- **Exercise input**:
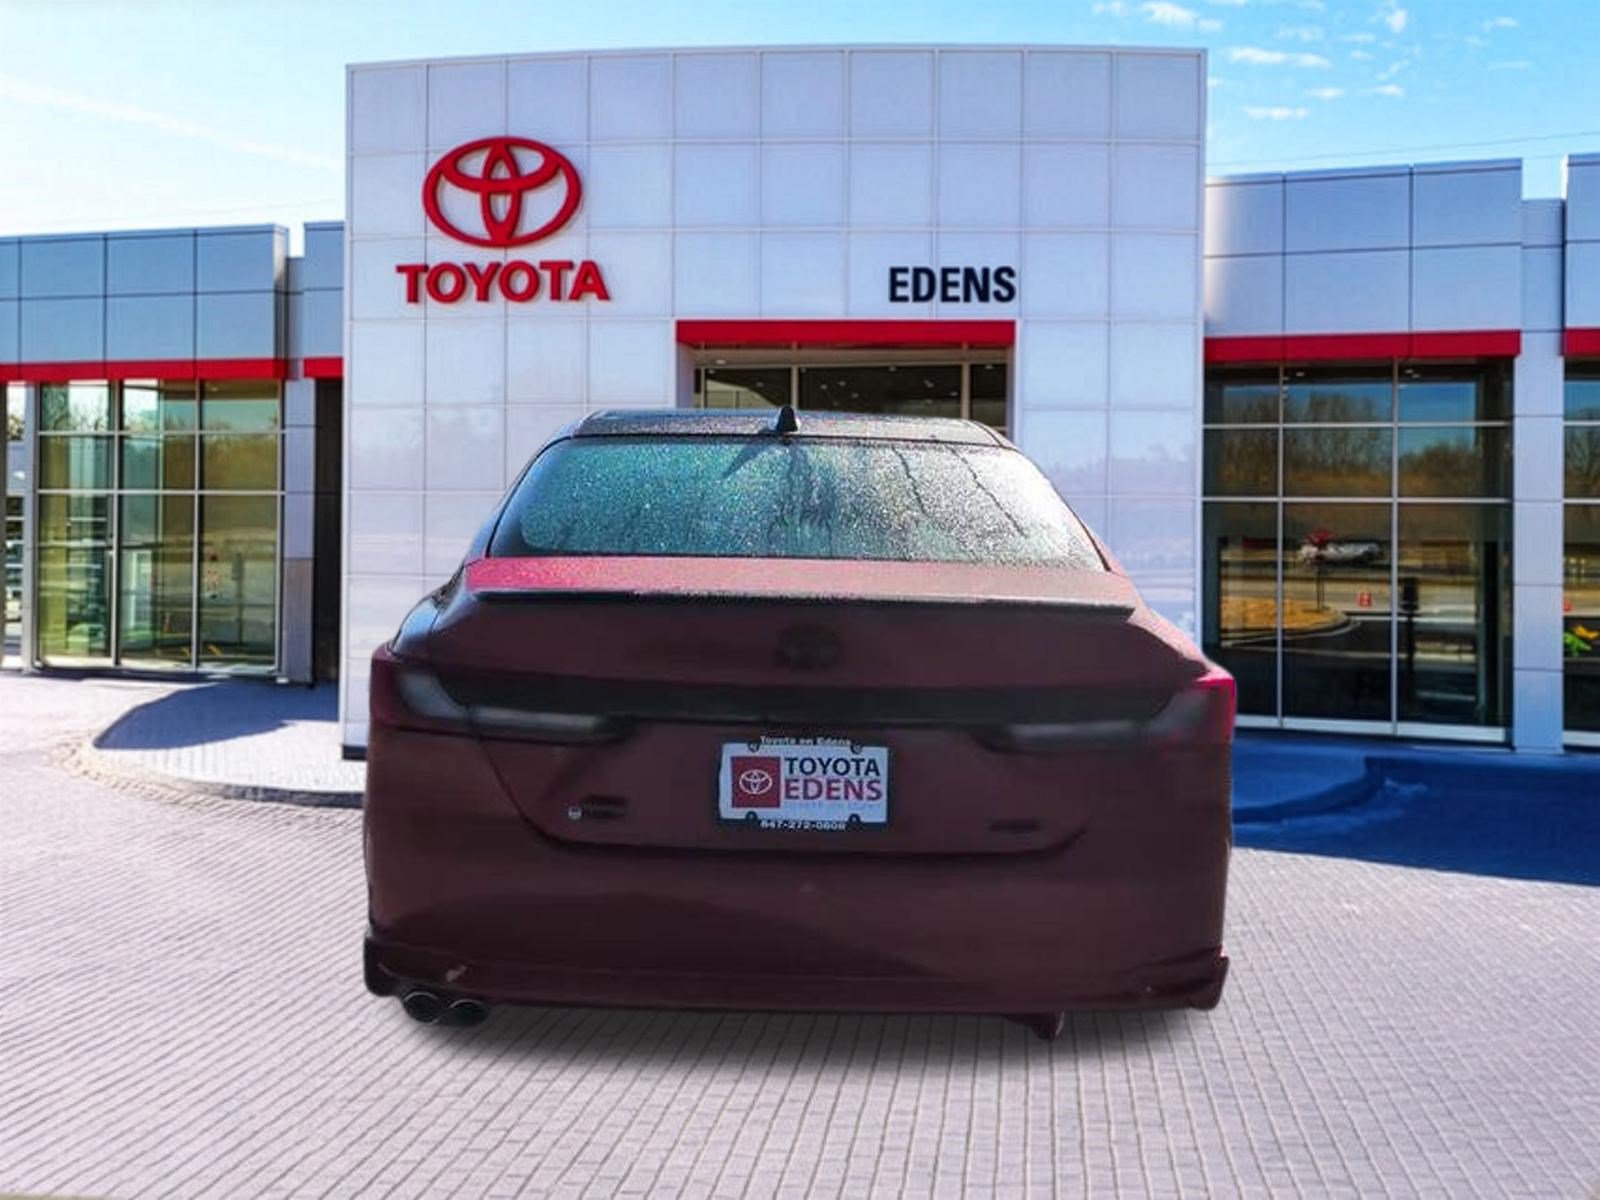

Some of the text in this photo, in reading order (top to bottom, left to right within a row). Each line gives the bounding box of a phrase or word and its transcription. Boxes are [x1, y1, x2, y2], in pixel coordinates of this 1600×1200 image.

[396, 260, 611, 304] TOYOTA
[889, 266, 1016, 303] EDENS
[784, 757, 881, 776] TOYOTA
[785, 778, 883, 801] EDENS

- **What is being asked**:
What is needed is an exact repeat of every entry above, with the pictures left out.

- **Answer space**:
Some of the text in this photo, in reading order (top to bottom, left to right within a row). Each line gives the bounding box of a phrase or word and its transcription. Boxes are [x1, y1, x2, y2], in pixel coordinates of this 1600×1200 image.

[396, 260, 611, 304] TOYOTA
[889, 266, 1016, 303] EDENS
[784, 757, 881, 776] TOYOTA
[785, 778, 883, 801] EDENS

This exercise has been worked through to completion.